AVRUPA BİRLİĞİNE UYUM AÇISINDAN, 2002 YILINA GİRERKEN

AVRUPA BİRLİĞİ'NE UYUM AÇISINDAN, 2002 YILINA GİRERKEN

2001 Avrupa Birliği'ne uyum açısından, sancılı da olsa, hareketli bir yıldı. Yıl, bütün toplumu etkileyecek önemli yasal değişikliklere sahne oldu. Özetle Türkiye, 2001 yılında Avrupa Birliği ile tam üyelik müzakerelerine başlayabilmek için Kopenhag Kriterleri'ni yerine getirmek amacıyla, köklü anayasal reformların içine girdi. 19 Mart'ta kabul edilen Ulusal Program ile birlik müktesebatına uyum çalışmalarını başlatan Türkiye, geçtiğimiz bir yılda birçok değişikliğe sahne oldu.
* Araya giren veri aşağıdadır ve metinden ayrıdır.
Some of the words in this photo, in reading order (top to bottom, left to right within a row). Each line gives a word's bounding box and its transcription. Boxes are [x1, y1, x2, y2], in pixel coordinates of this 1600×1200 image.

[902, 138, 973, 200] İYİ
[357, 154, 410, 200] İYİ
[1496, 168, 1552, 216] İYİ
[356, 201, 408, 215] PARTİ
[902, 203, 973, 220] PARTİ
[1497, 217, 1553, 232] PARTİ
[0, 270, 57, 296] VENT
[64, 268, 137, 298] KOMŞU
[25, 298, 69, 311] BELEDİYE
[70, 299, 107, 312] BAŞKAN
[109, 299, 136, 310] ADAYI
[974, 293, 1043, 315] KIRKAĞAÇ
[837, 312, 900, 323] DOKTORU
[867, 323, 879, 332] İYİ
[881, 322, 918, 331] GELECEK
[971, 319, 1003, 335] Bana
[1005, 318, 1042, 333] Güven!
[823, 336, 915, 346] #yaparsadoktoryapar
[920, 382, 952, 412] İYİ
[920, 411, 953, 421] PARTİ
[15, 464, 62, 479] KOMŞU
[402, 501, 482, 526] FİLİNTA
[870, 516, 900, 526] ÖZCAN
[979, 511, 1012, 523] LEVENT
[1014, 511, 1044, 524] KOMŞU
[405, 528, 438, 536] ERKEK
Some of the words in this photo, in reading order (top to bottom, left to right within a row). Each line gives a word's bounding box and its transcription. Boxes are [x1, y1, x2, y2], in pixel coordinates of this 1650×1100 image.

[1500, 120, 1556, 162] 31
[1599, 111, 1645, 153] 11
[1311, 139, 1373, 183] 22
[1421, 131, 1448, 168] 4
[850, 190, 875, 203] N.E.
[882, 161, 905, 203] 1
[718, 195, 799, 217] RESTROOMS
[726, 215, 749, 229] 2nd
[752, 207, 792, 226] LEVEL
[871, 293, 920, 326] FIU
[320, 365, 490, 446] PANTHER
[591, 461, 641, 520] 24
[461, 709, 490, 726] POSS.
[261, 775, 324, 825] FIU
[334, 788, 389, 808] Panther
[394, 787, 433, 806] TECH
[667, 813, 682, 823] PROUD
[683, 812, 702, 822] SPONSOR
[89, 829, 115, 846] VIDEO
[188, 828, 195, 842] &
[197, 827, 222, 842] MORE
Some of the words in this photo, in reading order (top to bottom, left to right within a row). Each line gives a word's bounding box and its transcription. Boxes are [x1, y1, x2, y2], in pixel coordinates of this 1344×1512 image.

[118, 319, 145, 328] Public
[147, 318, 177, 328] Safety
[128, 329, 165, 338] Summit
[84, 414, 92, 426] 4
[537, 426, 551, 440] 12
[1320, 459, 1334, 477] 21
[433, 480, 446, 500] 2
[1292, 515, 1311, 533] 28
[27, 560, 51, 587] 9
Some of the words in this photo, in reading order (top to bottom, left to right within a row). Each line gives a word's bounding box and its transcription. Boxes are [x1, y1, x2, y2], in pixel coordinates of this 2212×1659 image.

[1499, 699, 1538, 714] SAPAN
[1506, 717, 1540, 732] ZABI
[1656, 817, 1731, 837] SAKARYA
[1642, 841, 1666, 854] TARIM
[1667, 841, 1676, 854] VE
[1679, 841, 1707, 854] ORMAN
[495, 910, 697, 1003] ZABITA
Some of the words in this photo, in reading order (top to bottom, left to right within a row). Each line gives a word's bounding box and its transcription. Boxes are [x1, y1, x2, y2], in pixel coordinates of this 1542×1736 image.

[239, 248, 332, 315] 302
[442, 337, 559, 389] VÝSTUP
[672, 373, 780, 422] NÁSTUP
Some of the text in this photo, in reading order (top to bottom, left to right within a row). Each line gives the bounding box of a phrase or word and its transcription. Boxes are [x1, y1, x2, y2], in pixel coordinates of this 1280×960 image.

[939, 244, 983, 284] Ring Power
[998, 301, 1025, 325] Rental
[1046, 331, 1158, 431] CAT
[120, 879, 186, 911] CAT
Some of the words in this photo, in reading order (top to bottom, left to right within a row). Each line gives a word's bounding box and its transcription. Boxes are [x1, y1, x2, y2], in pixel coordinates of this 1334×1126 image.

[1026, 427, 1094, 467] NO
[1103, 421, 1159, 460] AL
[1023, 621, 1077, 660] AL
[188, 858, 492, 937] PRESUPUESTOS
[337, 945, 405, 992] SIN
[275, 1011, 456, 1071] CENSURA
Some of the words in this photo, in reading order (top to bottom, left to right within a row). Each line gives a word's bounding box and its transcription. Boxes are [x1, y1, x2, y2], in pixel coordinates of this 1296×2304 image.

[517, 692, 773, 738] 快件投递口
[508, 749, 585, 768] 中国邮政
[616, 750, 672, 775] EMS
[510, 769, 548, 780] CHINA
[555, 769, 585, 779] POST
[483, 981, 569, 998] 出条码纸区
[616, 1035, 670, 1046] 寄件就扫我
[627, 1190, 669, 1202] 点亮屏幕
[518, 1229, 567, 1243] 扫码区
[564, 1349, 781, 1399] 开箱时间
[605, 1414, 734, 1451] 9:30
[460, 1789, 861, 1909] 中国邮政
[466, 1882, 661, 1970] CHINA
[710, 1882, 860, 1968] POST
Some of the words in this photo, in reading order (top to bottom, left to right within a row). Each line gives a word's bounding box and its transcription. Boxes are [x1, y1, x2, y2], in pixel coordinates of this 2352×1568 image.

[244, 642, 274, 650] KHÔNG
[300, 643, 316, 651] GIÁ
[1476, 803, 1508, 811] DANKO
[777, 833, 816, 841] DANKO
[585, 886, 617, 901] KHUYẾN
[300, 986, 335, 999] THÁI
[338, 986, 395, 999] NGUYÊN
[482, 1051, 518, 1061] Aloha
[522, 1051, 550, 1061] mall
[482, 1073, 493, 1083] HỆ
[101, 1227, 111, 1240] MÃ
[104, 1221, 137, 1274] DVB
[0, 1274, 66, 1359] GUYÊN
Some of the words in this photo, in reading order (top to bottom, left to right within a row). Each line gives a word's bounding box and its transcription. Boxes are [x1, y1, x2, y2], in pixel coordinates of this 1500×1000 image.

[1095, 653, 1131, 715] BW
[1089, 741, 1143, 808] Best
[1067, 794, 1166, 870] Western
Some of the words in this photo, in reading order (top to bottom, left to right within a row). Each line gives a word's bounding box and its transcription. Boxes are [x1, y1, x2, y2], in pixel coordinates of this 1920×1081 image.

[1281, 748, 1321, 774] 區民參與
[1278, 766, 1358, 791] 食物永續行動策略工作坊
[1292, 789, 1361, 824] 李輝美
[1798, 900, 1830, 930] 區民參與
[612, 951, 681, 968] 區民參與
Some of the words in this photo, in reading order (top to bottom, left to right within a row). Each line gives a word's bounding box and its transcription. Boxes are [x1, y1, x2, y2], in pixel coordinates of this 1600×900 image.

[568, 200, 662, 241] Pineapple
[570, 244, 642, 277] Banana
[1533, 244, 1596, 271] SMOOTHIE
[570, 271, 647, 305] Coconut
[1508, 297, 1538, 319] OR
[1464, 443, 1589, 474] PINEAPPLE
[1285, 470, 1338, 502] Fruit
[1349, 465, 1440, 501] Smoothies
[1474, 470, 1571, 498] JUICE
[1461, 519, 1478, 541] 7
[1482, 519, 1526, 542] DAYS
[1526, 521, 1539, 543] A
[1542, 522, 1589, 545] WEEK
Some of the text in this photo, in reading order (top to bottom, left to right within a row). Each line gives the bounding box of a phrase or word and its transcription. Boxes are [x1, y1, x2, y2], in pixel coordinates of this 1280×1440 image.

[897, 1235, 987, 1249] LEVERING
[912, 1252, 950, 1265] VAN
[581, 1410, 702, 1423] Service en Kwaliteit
Geçtiğimiz yıl içerisinde gerçekleştirilen bu çalışmalar, birliğe üyelik yolunda olumlu bir gelişme olarak görülmesine rağmen, hem Avrupa Birliği hem de Türkiye'deki bazı çevreler tarafından yetersiz bulundu. Avrupa Konseyi, yapılan anayasa değişikliklerini olumlu bir adım olarak değerlendirerek Türkiye'yi diğer aday devletlere uygulananlar ile aynı kriterler temelinde Birliğe katılmaya yönelmiş bir aday devlet olarak tanıdı. Bu bağlamda Konsey, varolan Avrupa Stratejisi'ne dayanılarak, Türkiye'nin, diğer aday devletler gibi, reformlarını teşvik etmeye ve desteklemeye yönelik bir katılım öncesi stratejiden yararlanacağını bildirdi, ancak yine de yapılan değişikliklerin yetersiz olduğunun altını çizdi.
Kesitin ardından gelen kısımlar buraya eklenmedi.